As for me?  I'm the only one in the audience, and I've got the best seat in the house.  Joy.

Eventually I settled the situation by informing the little one that she is, in fact, allowed to go to the sleepover birthday party (they do share a bed for crying out loud) and I tell the older sister that I will buy her a prize at the store if she just lets her little sister play with her rings for a bit. 

Don't judge.  I'm their aunt, not there mom.  It's my job to take fun parental shortcuts. 

This, surprisingly, works.  Now that the glitter war in the back seat has come to an end, I decide that is definitely time to stop for coffee.

We get in line, grab the largest coffee they will sell to me and two juice boxes (iced not hot, please) and head outside with the other moms who are trying to avoid disturbing the grumpy old people inside the  air conditioned coffee shop.  99 degrees at 10 AM?  Who wouldn't want to sit on the patio?!

The little one quickly loses interest in sitting with us (mostly because her sister won't speak to her) and waddles over to the nearest kid to be found.  He is about four years old and is sitting in the closest thing to a play area that coffee shops allow.  Which is a bench, of course.  My little one hops up and sits next to the boy with a hopeful smile.  He immediately puts his arm out and all but shoves her to the other end of the bench and continues to give her the 'don't even think about it' look.

Looks like someone did not get a sprinkle doughnut for breakfast.

Before I can even begin to step in and try to act like a mom, her big sister, who is also slightly bigger than this boy, is marching her way towards the bench.  She quickly plopped her bottom right between the two and returned his look with one that read 'No, you don't even think about it'.

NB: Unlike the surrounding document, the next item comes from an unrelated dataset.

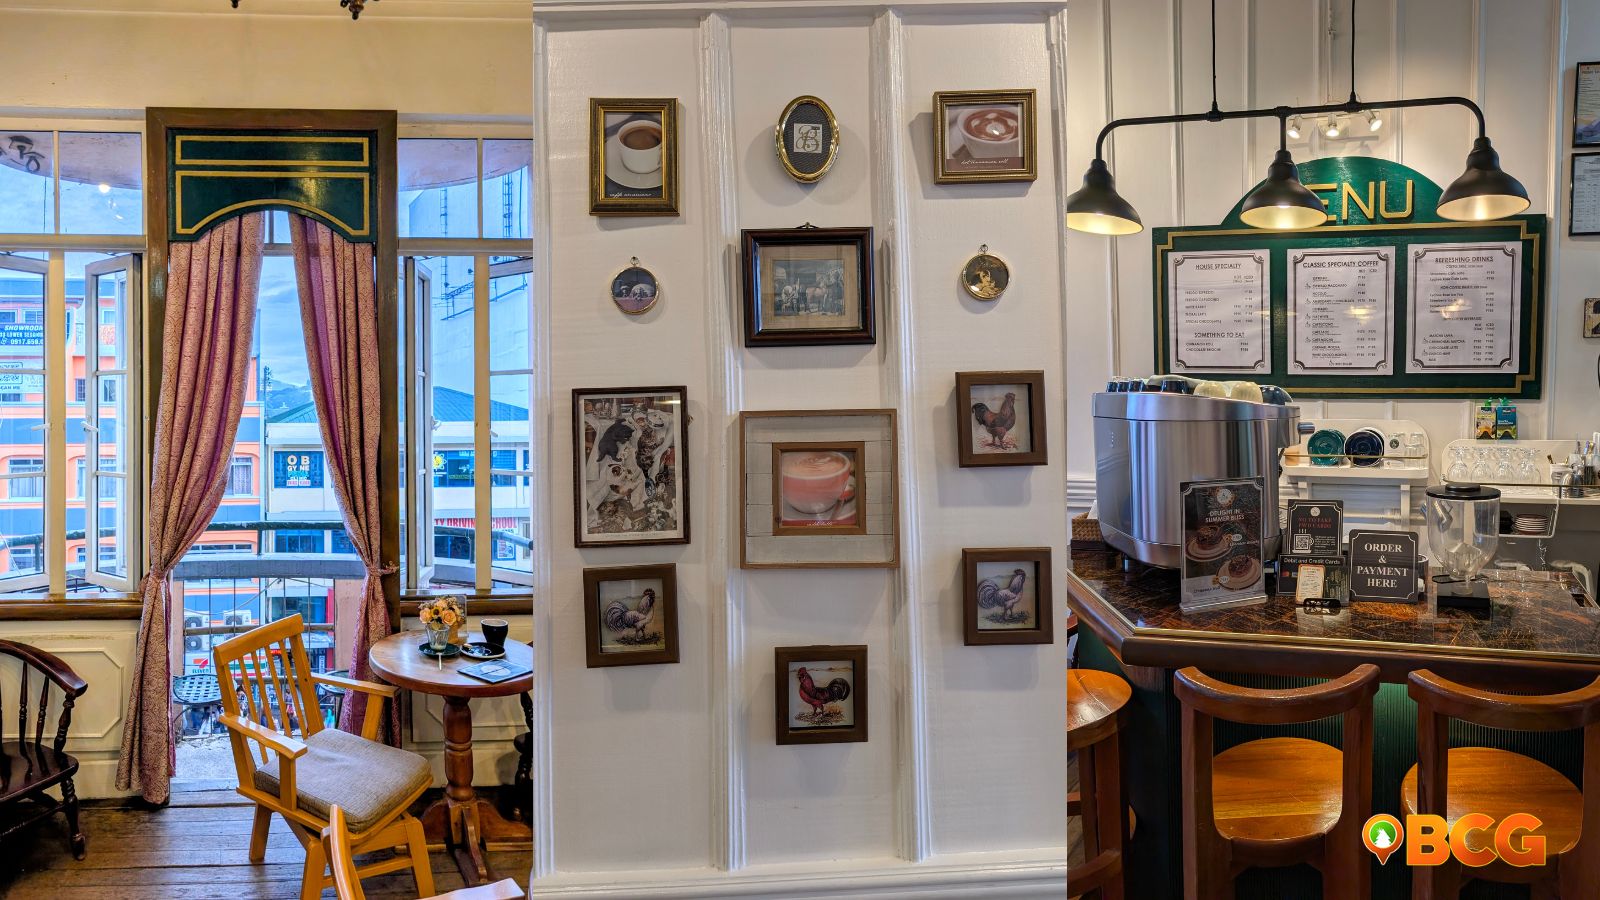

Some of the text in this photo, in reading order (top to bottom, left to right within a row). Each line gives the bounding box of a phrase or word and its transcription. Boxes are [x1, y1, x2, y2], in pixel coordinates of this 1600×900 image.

The boy took the hint, got up and ran towards his people. I laugh out loud because, well, I'm really mature like that and he totally started it!  I was proud of their sisterly tag team.  She had him on the ropes!

The girls got along famously for the rest of the day.  Which made for a very happy Aunt Char.

little-sisters

It got me thinking of my own siblings and how we used to do much of the same thing.  I could call my sister every name in the book all day long, but the moment someone else did?  The gloves were off.  It's just an unspoken code for siblings.  I can say my little brother is annoying or that my big brother is a butt-head, but you can't.  And if you do, we're going to have a problem.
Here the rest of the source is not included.